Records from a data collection
--------

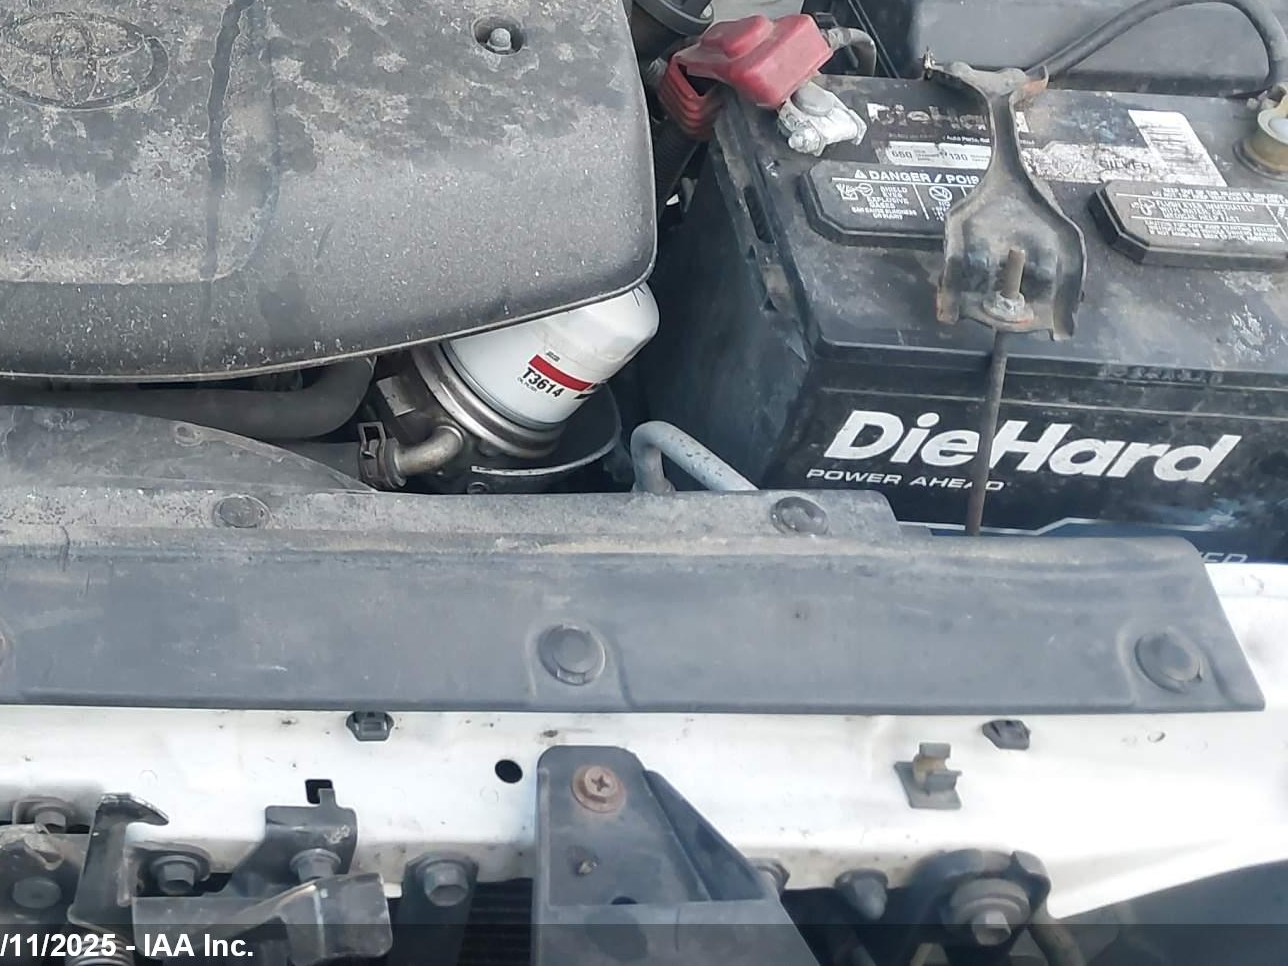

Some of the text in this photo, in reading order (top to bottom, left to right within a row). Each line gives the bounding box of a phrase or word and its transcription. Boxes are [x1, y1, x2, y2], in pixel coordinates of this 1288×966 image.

[949, 153, 968, 161] 130
[1101, 158, 1151, 172] SILVER
[868, 170, 931, 183] DANGER
[945, 175, 979, 185] POIS
[521, 367, 564, 398] T3614
[824, 409, 1242, 484] DieHard
[806, 469, 902, 485] POWER

--------

Problem –
Copy the data above line for line, skipping every picture.

Result of this exercise –
Some of the text in this photo, in reading order (top to bottom, left to right within a row). Each line gives the bounding box of a phrase or word and its transcription. Boxes are [x1, y1, x2, y2], in pixel coordinates of this 1288×966 image.

[949, 153, 968, 161] 130
[1101, 158, 1151, 172] SILVER
[868, 170, 931, 183] DANGER
[945, 175, 979, 185] POIS
[521, 367, 564, 398] T3614
[824, 409, 1242, 484] DieHard
[806, 469, 902, 485] POWER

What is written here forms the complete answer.